Frankfurt a.M. (epd). Der Vorstoß hochrangiger Theologen, Suizidassistenz in diakonischen Einrichtungen zu ermöglichen, sorgt weiter für heftige Diskussionen in der evangelischen Kirche. Der Theologieprofessor Günter Thomas kritisierte, die vorgebrachte Idee lege "die Axt an die theologischen Grundlagen der Diakonie". Auch der Suizid sei ein "Urteil über lebenswertes und nicht lebenswertes Leben", zu dem aus christlicher Sicht kein Mensch das Recht und die Einsicht habe. Der Hamburger Diakonie-Chef Dirk Ahrens sagte hingegen, die Debatte werde gebraucht. Man dürfe nicht versuchen, "die Diskussion unter dem Tisch zu halten".
Der Präsident des Diakonie-Bundesverbandes, Ulrich Lilie, hatte sich gemeinsam mit anderen Vertretern der Kirche für die Möglichkeit zur Suizidassistenz in diakonischen Einrichtungen ausgesprochen. Die offizielle Haltung der Evangelischen Kirche in Deutschland (EKD) schließt organisierte Suizidassistenz bislang aus. Die Hilfe beim Suizid, bei dem in der Regel Sterbewilligen ein todbringendes Medikament überlassen wird, ist zu unterscheiden von der aktiven Sterbehilfe, bei der ein Dritter das Mittel selbst verabreicht. Sie steht in Deutschland unter Strafe.

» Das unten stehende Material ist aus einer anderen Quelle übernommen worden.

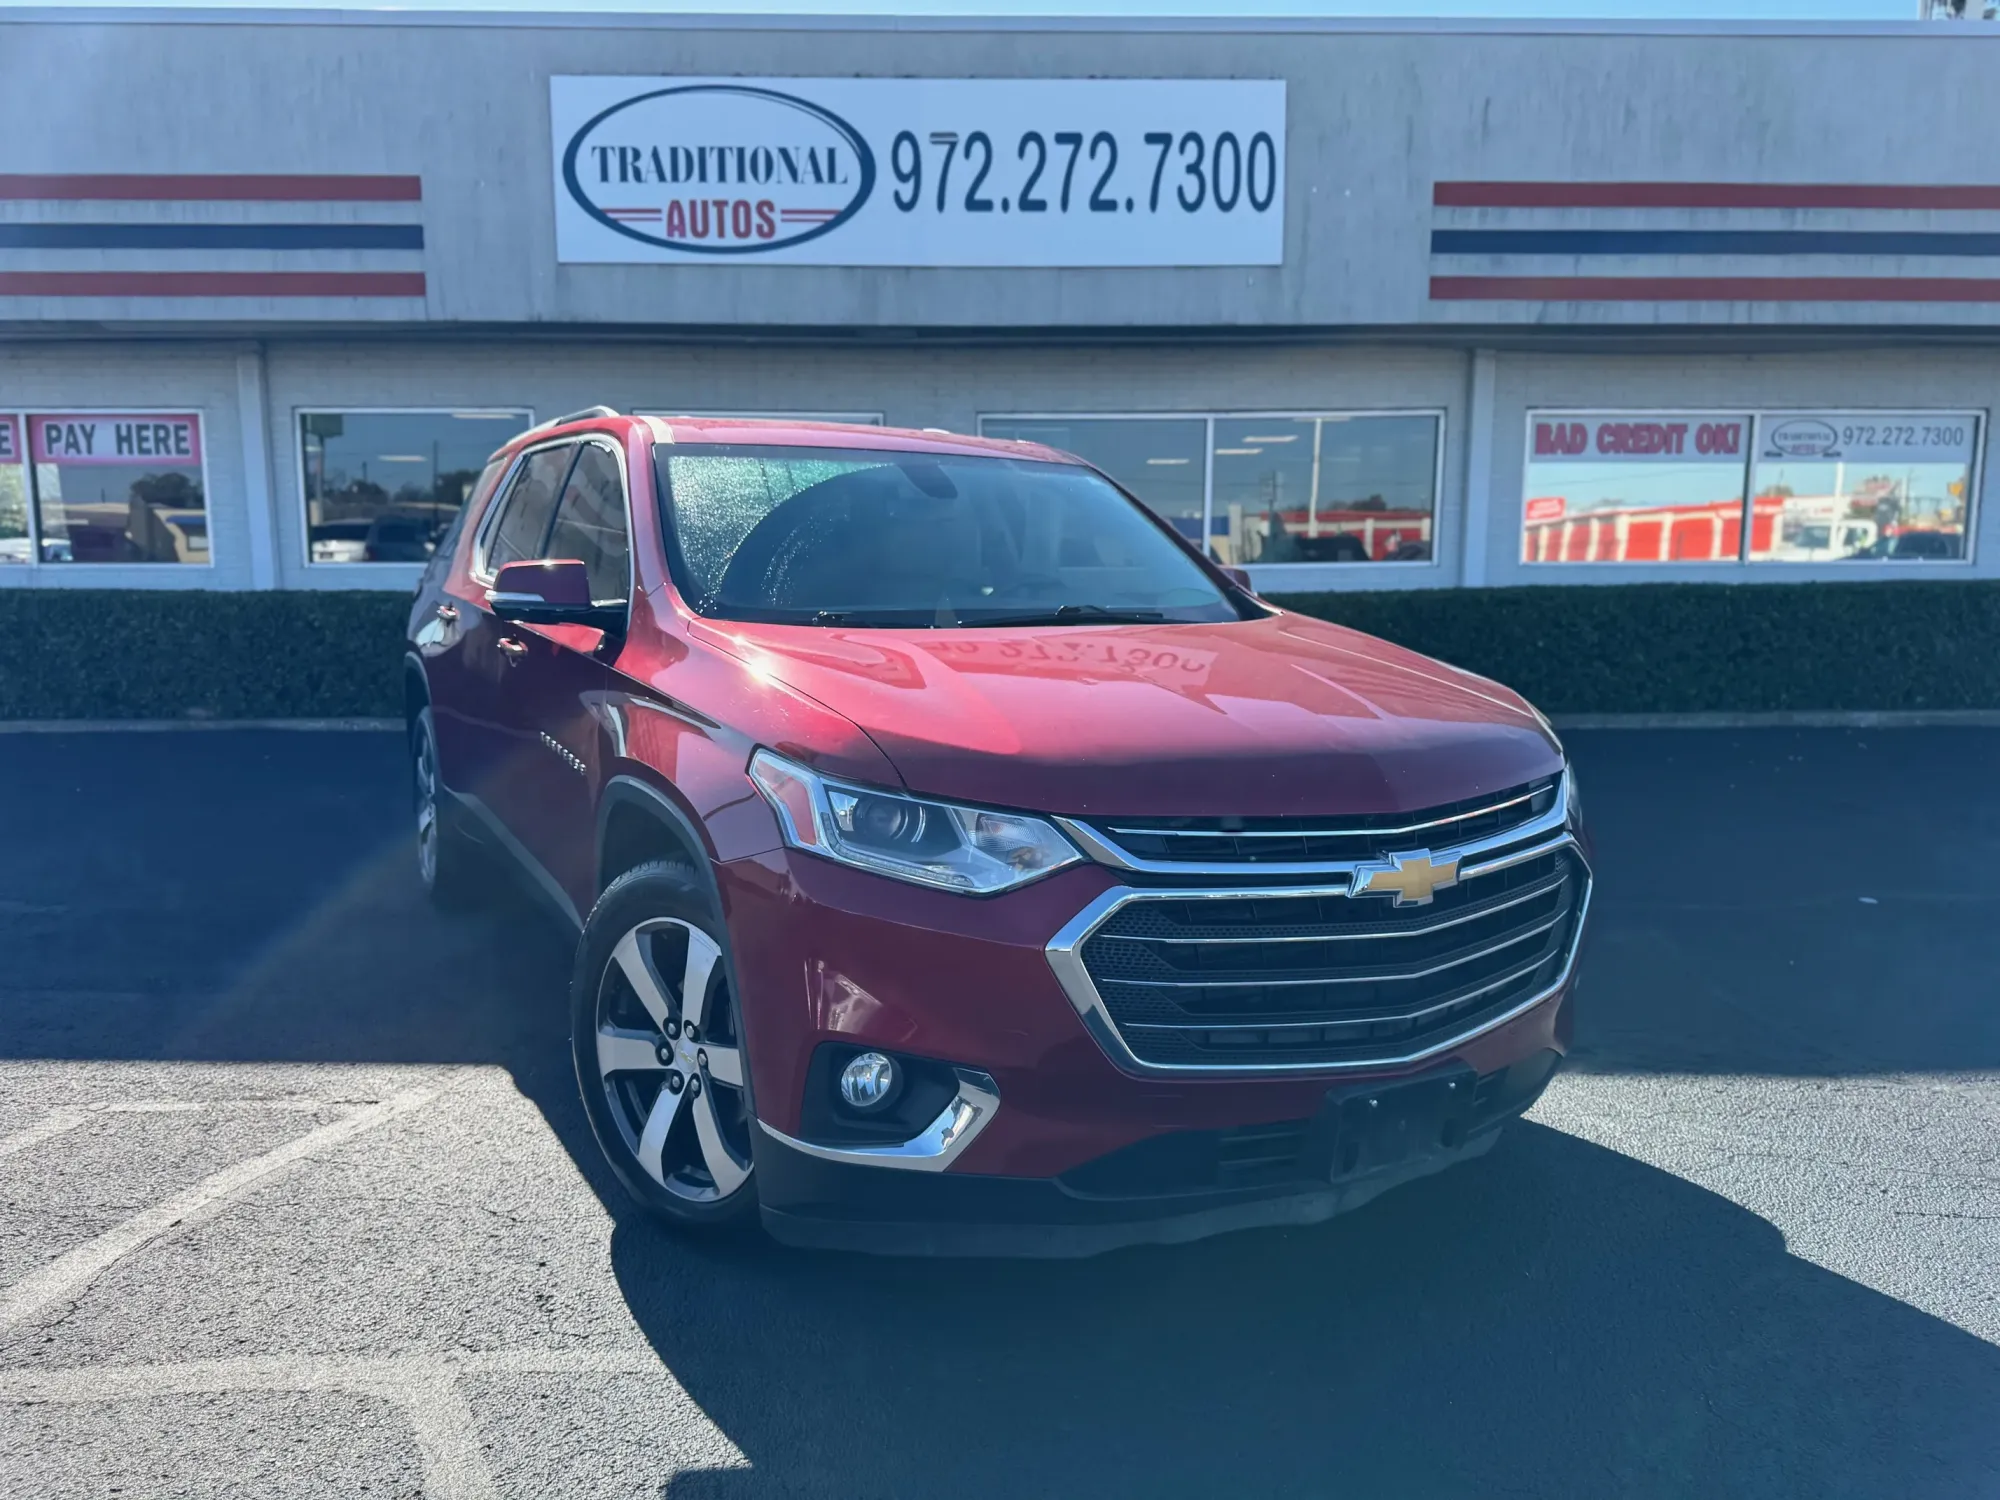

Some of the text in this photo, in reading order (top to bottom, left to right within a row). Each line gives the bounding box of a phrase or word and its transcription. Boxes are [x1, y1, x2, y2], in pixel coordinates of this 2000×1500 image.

Thomas erklärte am Sonntag, es trage geradezu "Züge des Irrwitzigen", dass dieser Vorstoß inmitten der Corona-Krise publiziert worden sei. Während Mitarbeiter der Heime als Folge der Pandemie mit der Erschöpfung rängen, fielen ihnen protestantische Theologen in den Rücken, sagte der an der Ruhr-Universität in Bochum lehrende Professor und württembergische evangelische Pfarrer.
Thomas warnte vor einem Vertrauensverlust evangelischer Einrichtungen, sollten sie den Suizid unterstützen. Menschen müssten vertrauen können, dass sie auch dann, wenn sie sich in Not und Verzweiflung selbst nicht mehr trauen könnten, gut aufgehoben seien. Da kirchlich-diakonisches Handeln im Auftrag Gottes geschehe, müsse es sich an seinen Geboten orientieren.
Der Hamburger Diakonie-Chef Ahrens rief die Kirche dazu auf, die Debatte über Suizidassistenz offensiv zu führen. "Momentan werden Positionen von leitenden Geistlichen hochgehalten, die vor dem Urteil des Bundesverfassungsgerichts formuliert wurden. Das geht nicht mehr", sagte er dem Evangelischen Pressedienst (epd). Ahrens ist auch Vorsitzender des Ausschusses Diakonie im Evangelischen Werk für Diakonie und Entwicklung.
Ahrens sagte, die Menschen vor Ort in den diakonischen Einrichtungen müssten konkret mit dem Sterbehilfe-Urteil des Bundesverfassungsgerichts umgehen. "Als Leitende müssen wir ihnen dabei helfen." Nicht zuletzt durch das Verfassungsgerichtsurteil sähen sich Einrichtungen in der ambulanten Pflege, in den Pflegeheimen und Krankenhäusern immer wieder mit dem Wunsch konfrontiert, dass Menschen ihr Leben beenden wollen.
Auslöser für die Debatte ist das Urteil des Bundesverfassungsgerichts zur Sterbehilfe im vergangenen Februar. Die Verfassungsrichter hatten den Klagen von Sterbehilfeorganisationen, Ärzten und Einzelpersonen Recht gegeben, die sich gegen das 2015 verabschiedete Verbot organisierter - sogenannter geschäftsmäßiger - Hilfe bei der Selbsttötung richteten. Die Karlsruher Richter erklärten das entsprechende Gesetz für nichtig und begründeten das mit dem Recht auf selbstbestimmtes Sterben, das auch Dritten die Assistenz beim Suizid erlaube.
Wichtigstes Ergebnis der innerkirchlichen Diskussion müssten Schutzkonzepte sein, betonte Ahrens. "Darin liegt der Schlüssel, um Sorgen und Vorbehalte auszuschließen", sagte der Diakoniechef: "Der Tod darf weder zum Businessmodell noch eine leichte Variante werden, um anderen nicht mehr zur Last zu fallen." Man brauche Verfahren und eine Vorstellung davon, wie Suizidassistenz in diakonischen Einrichtungen überhaupt ablaufen könnte, "bevor wir entscheiden können, ob assistierter Suizid in diakonischen Einrichtungen denkbar wäre".